From this correlation between the magnitude of the electric current and the cell volume, a new concept called the threshold concept was created. The threshold concept is responsible for classifying cells according to their volume, thus allowing the detection of globular volume. The globular volume corresponds to the hematocrit performed on the manual blood count; however, it receives this name because it is performed without the need for microcentrifugation. Both the impedance principle and the threshold concept are responsible for the introduction of multiparameter devices on the market. These devices are capable of performing simultaneous cell counts using separate channels for counting [1, 15].

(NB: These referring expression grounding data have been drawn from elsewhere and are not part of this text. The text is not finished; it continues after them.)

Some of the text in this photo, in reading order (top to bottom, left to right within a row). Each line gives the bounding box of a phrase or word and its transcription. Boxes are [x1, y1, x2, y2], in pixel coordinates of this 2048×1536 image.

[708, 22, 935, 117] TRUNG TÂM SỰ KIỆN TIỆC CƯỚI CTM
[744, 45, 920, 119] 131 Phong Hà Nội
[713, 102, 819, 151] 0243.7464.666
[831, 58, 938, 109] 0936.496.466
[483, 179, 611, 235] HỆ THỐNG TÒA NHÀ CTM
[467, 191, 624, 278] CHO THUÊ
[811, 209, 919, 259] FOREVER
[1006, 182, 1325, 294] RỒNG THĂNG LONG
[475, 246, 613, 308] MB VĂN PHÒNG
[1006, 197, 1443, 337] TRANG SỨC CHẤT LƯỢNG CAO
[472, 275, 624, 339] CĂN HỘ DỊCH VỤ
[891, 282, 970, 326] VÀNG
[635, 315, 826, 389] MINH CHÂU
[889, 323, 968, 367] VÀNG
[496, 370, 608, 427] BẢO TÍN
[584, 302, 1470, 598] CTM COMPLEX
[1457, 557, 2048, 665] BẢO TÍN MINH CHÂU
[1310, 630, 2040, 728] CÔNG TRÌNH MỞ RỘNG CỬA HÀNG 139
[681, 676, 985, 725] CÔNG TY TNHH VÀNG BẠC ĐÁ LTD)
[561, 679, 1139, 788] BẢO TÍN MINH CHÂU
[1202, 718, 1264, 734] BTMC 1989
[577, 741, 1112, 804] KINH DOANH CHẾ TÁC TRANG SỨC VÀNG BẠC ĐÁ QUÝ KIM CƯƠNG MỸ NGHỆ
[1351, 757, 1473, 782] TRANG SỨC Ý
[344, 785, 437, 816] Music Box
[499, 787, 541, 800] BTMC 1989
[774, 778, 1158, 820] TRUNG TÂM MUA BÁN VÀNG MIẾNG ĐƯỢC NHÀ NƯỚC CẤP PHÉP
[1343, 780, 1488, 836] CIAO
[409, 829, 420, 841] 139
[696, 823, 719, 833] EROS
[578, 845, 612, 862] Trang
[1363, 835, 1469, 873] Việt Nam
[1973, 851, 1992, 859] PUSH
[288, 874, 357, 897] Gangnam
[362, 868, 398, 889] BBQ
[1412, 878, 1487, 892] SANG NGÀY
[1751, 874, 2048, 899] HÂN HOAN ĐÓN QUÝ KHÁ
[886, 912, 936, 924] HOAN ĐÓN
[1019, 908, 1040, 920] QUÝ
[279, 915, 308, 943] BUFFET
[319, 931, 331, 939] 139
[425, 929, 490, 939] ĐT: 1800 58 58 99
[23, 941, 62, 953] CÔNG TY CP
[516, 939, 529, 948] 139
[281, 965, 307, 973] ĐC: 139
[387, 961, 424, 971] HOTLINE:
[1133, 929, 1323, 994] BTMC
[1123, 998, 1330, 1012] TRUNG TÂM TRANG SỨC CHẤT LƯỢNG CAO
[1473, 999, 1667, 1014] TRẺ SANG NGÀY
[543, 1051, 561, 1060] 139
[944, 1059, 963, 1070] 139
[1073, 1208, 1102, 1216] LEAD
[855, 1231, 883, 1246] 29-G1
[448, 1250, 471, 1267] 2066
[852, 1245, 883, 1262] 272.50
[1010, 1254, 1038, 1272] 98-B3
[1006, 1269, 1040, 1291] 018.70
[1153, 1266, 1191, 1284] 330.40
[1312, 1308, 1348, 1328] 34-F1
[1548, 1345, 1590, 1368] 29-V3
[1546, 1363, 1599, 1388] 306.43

In the 1960s, the conductivity technique was developed, based on the high-frequency electromagnetic current, which is responsible for providing information regarding the cell volume, the size of the nucleus and the content of the cytoplasmic granulations. Subsequently, in 1970, the techniques of laser beam dispersion (laser light scatter) and hydrodynamic fluid were introduced. Both techniques preserve the leukocyte nuclei and granulations, retracting only the cytoplasmic membrane. These techniques are based on the principles of diffraction, refraction and reflection of the emitted light [15].

However, in these techniques, red blood cells are undetectable. To solve this problem, erythrocytes started to be quantified by means of flow cytometry and hydrodynamic focus, where these cells are counted one by one, through an extremely fine capillary. The red blood cells are then subjected to a laser beam, where the dispersion of the light is analyzed at different angles of deviation. In this context, the cell size is indicated at zero degrees, at 10° the internal structure is indicated and at 90° the leukocytes are identified and their lobularity characteristics and their granulation content [1, 15].

Currently, there are a large number of multiparameter devices, which use impedance, conductivity and scattered light techniques. These technologies can also be associated with the cytochemical characteristics of cells (such as myeloperoxidase) and the use of reagents that perform the analysis of certain cell types. However, before purchasing a hematological device, it is necessary to take into account the following parameters: Automation device versus type of patient attended; number of hemograms per day × samples/time spent by the device; cost of each hemogram; quality control; technical assistance; interfacing, training of employees [1, 15].

However, even with the acquisition of hematological equipment, manual hemogram is not a dispensed practice, being recommended for the confirmation of hematological reports of pediatric patients, patients over 75 years of age, cancer patients, patients with suspected leukemia or polycythemia, patients with leukocytosis and patients in severe condition (mainly in a state of hospitalization in the Intensive Care Unit—ICU) [1, 15].

4 Conclusions

The manual blood count is an examination that is totally dependent on human performance, which is used for the use of non-automated equipment. It is a cheaper exam, but more time-consuming and less reliable, as it depends on counts and calculations performed by health professionals. It is considered a good alternative for small laboratories, where the demand for tests is small and the cost of acquiring hematological equipment and reagents does not match the cost-benefit of the process.

Over time, the study of blood cells is no longer restricted to just observing the morphology of cells and has started to develop more specific tests, but that does not dispense with the use of conventional microscopy. This test responsible for the analysis of blood cells is called a complete blood count. Thus, review studies are extremely important to fundament and inspire new research, whether they refer to studies of cell biology, molecular biology, histology, cytology, hematology, or even for the creation of medical devices.